La production cinématographique d'un pays comme force culturelle et politique — détermine style, thèmes, infrastructure. Néoréalisme italien, Nouvelle Vague, Dogme 95 sont des codices nationaux.
Chaque pays développe sa propre empreinte cinématographique — non pas parce que c'est planifié, mais parce que l'argent, l'histoire, la technologie et la mentalité jouent un rôle. C'est la cinématographie nationale. Quiconque voit des films italiens des années 1940 reconnaît immédiatement l'ADN du néoréalisme : la rue plutôt que le studio, de vrais visages, une lumière non maîtrisée. Ce n'est pas un hasard.
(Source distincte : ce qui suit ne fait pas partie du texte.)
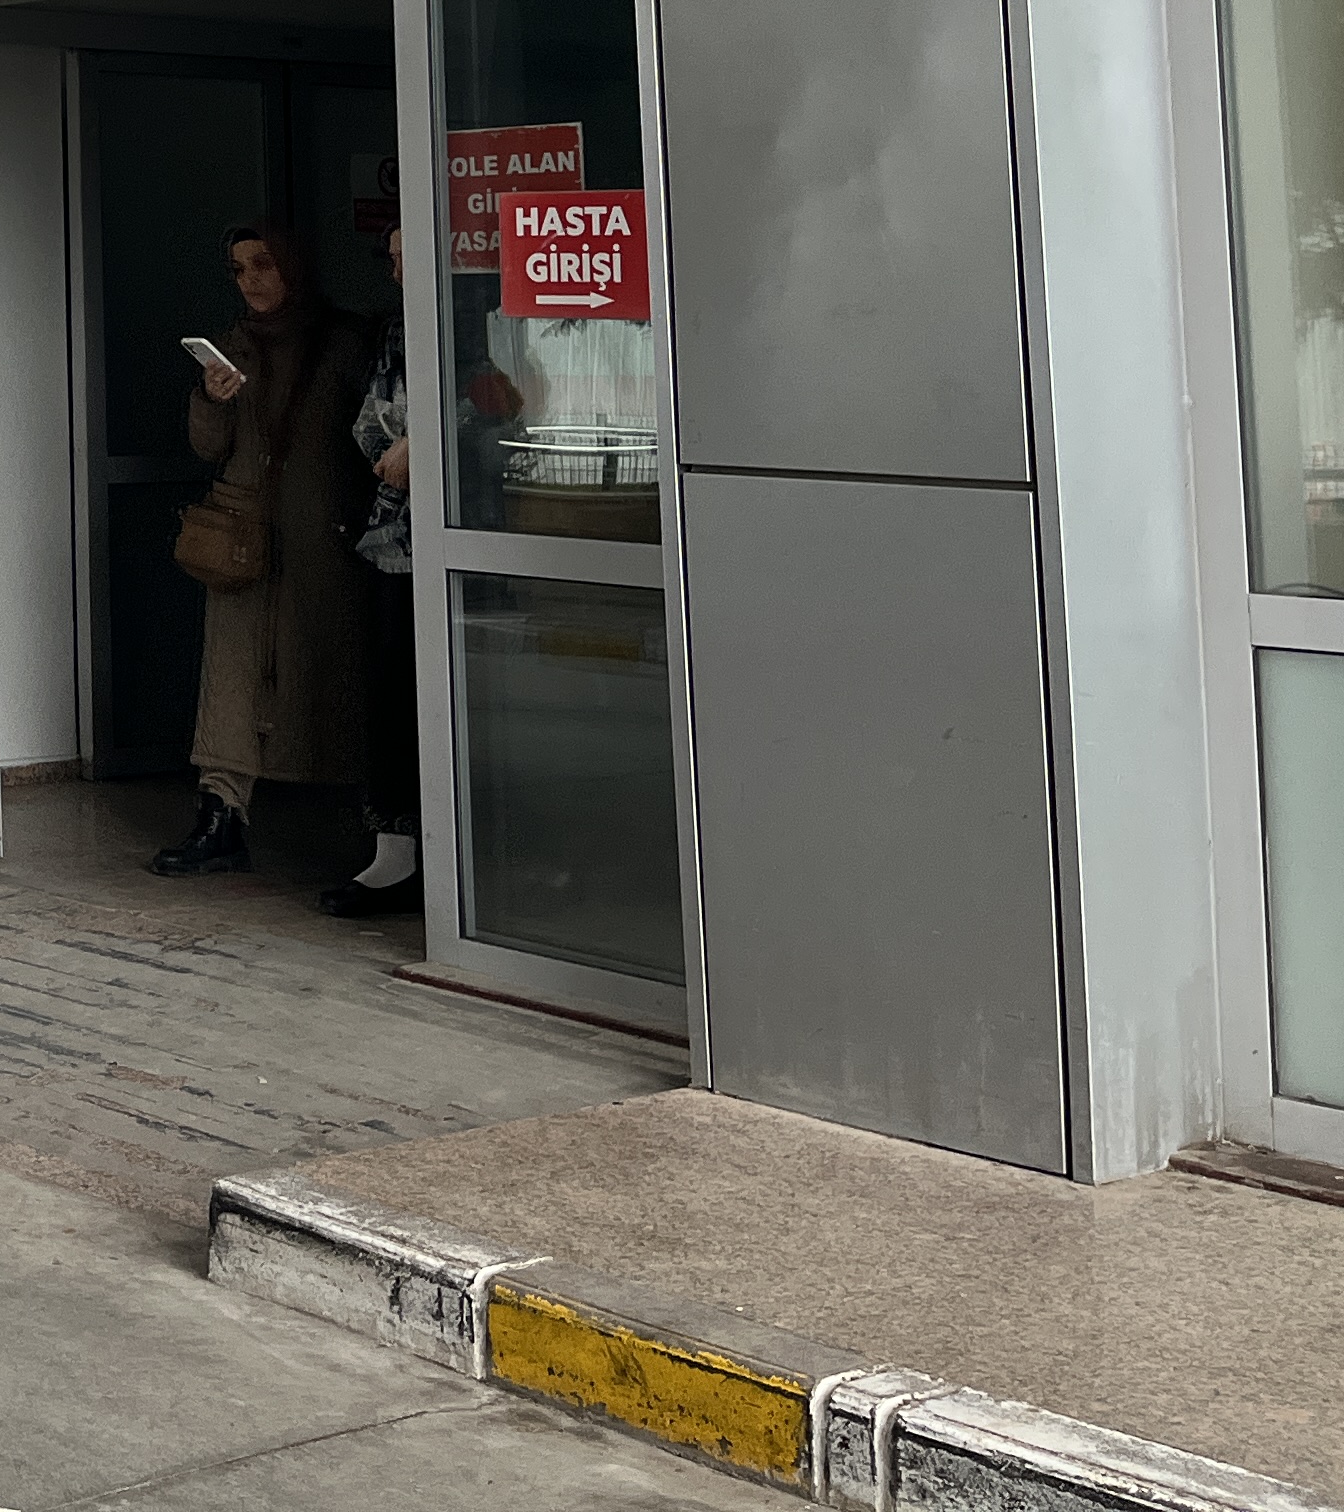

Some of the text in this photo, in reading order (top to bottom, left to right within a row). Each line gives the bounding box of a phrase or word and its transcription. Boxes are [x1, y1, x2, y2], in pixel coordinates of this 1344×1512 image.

[448, 151, 575, 178] OLE ALAN
[515, 205, 632, 237] HASTA
[525, 243, 622, 291] GİRİŞİ
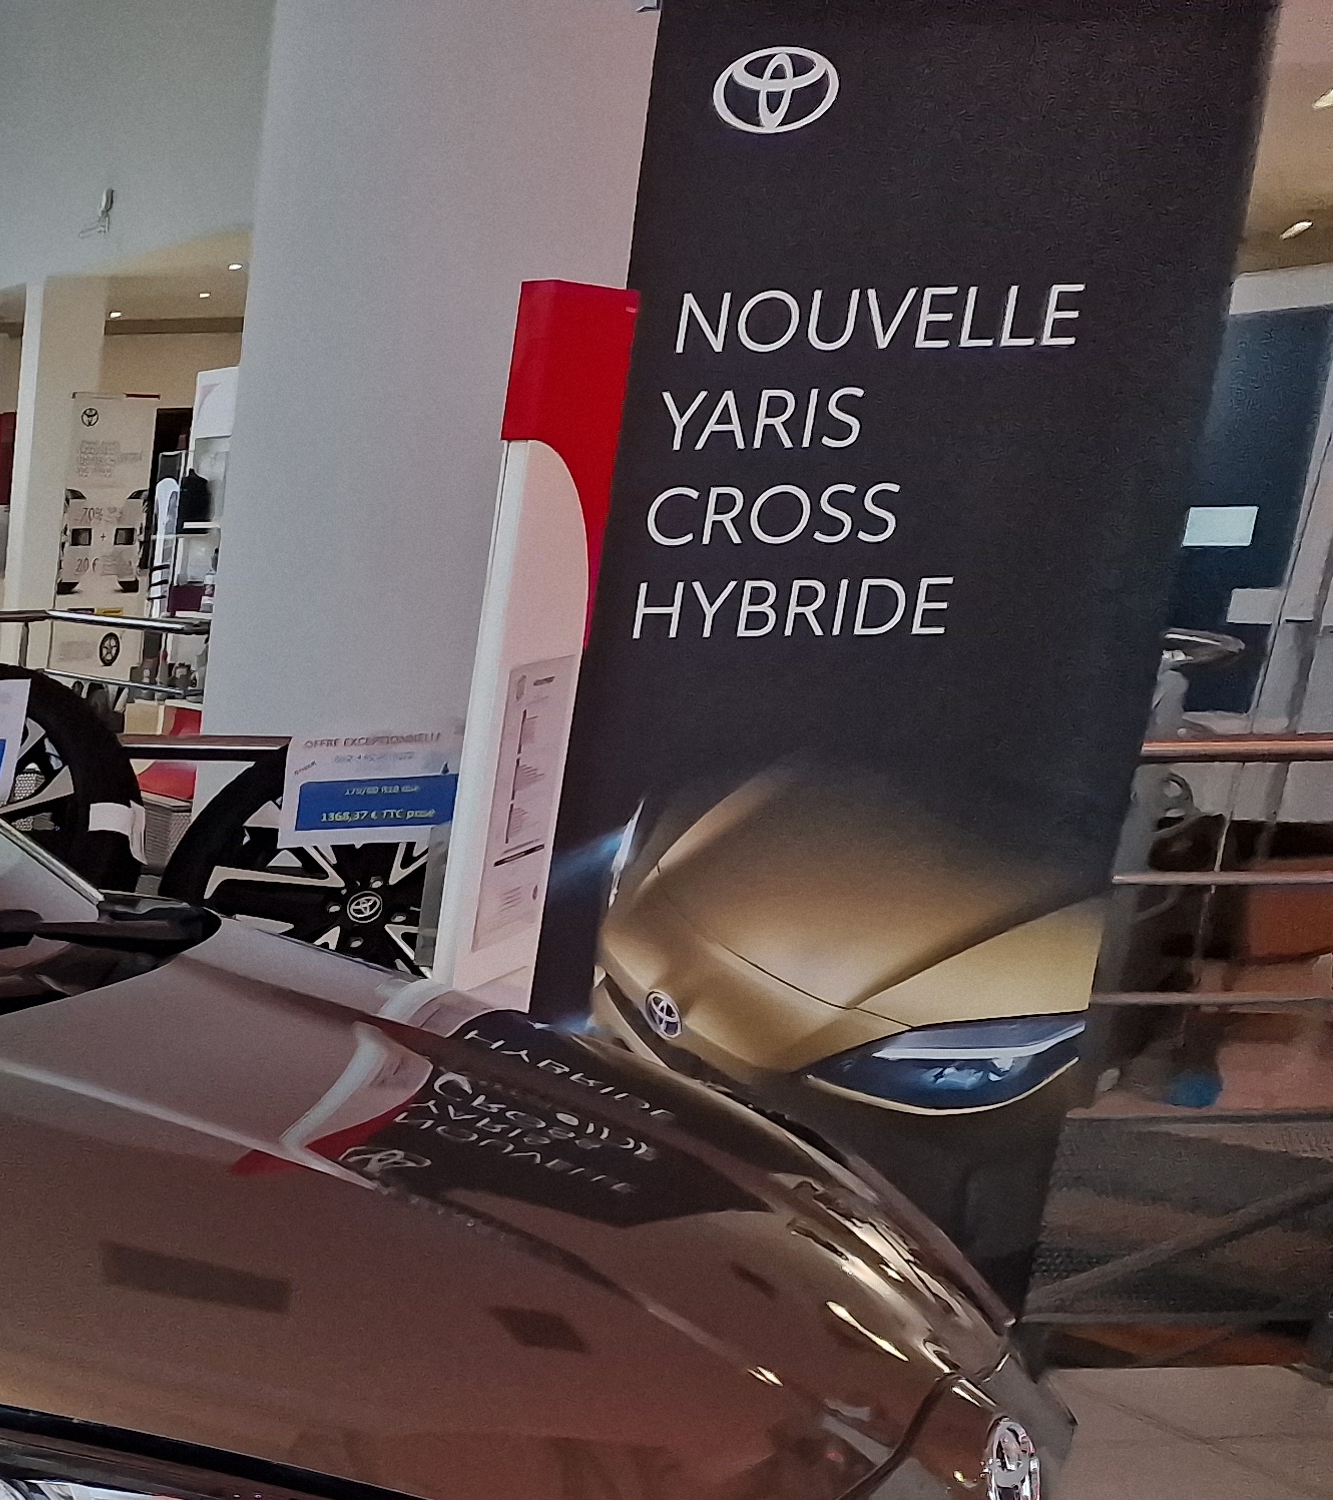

C'est un pays qui sort ses caméras dehors parce que la reconstruction est moins chère que les décors. La Nouvelle Vague française ne naît pas de l'esthétique seule — elle naît parce que Godard et Truffaut travaillent avec des caméras 16mm, suffisamment maniables pour les jump cuts et la spontanéité. Ce sont des conditions frontalières nationales qui engendrent des styles.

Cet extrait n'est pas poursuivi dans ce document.